* [ACTIVITY]:
Would you please copy the entries exactly, leaving every picture aside?

**********

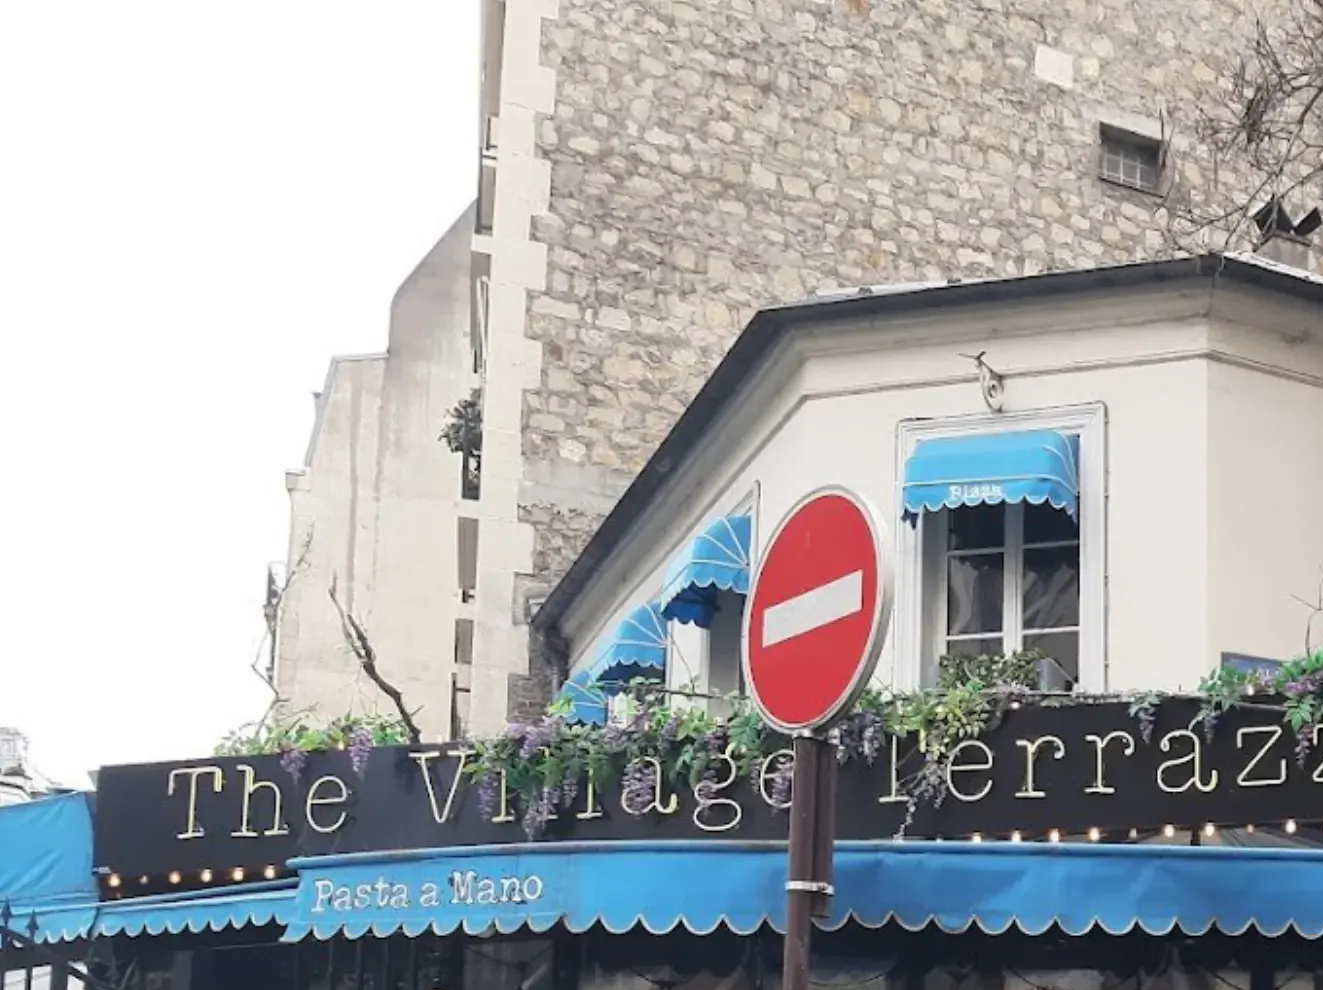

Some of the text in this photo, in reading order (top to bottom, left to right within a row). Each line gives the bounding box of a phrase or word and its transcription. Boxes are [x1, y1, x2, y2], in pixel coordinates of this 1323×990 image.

[168, 763, 349, 840] The
[311, 870, 544, 913] Pasta a Mano
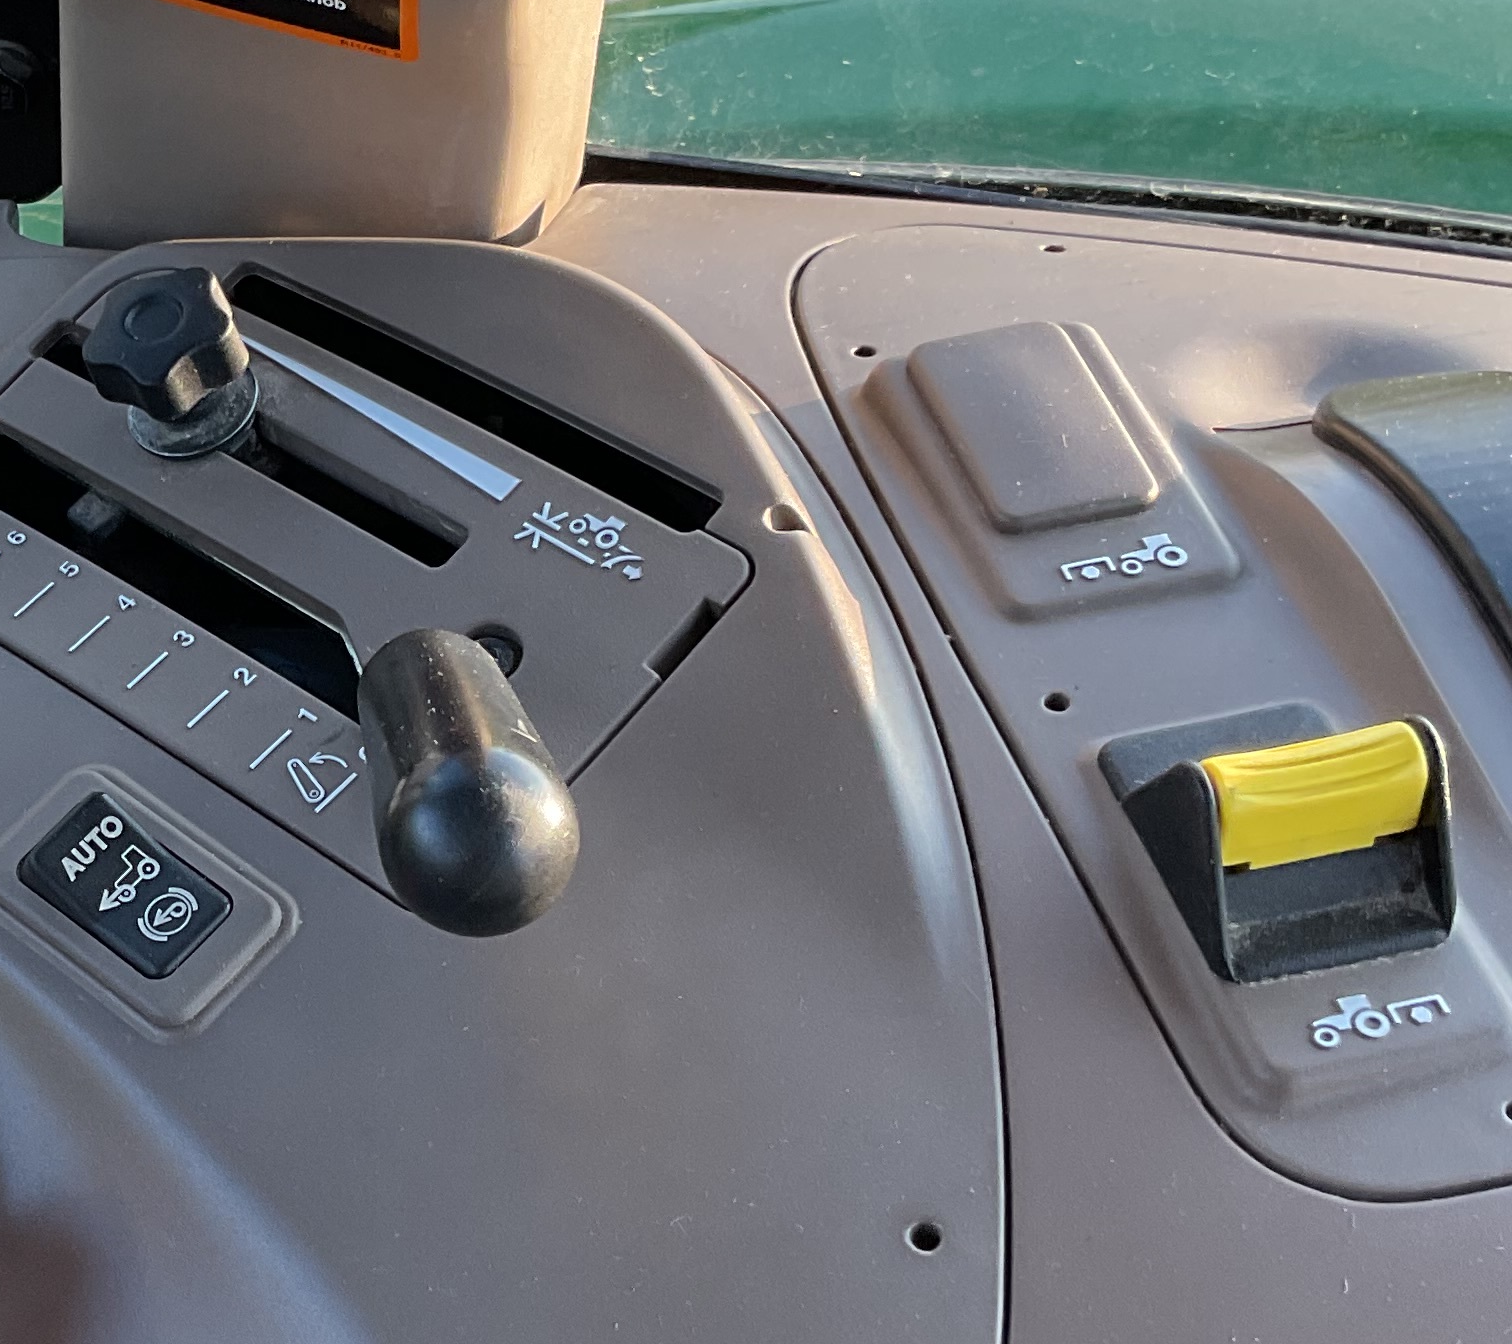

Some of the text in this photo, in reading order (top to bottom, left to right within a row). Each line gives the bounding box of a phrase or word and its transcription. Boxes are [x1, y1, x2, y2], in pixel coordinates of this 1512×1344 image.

[6, 530, 27, 545] 6
[58, 560, 80, 578] 5
[117, 594, 137, 611] 4
[173, 630, 195, 648] 3
[233, 667, 257, 686] 2
[297, 707, 318, 723] 1
[61, 815, 124, 882] AUTO

**********

* [SOLVED PROBLEM]:
Some of the text in this photo, in reading order (top to bottom, left to right within a row). Each line gives the bounding box of a phrase or word and its transcription. Boxes are [x1, y1, x2, y2], in pixel coordinates of this 1323×990 image.

[168, 763, 349, 840] The
[311, 870, 544, 913] Pasta a Mano

Some of the text in this photo, in reading order (top to bottom, left to right within a row). Each line gives the bounding box of a phrase or word and its transcription. Boxes are [x1, y1, x2, y2], in pixel coordinates of this 1512×1344 image.

[6, 530, 27, 545] 6
[58, 560, 80, 578] 5
[117, 594, 137, 611] 4
[173, 630, 195, 648] 3
[233, 667, 257, 686] 2
[297, 707, 318, 723] 1
[61, 815, 124, 882] AUTO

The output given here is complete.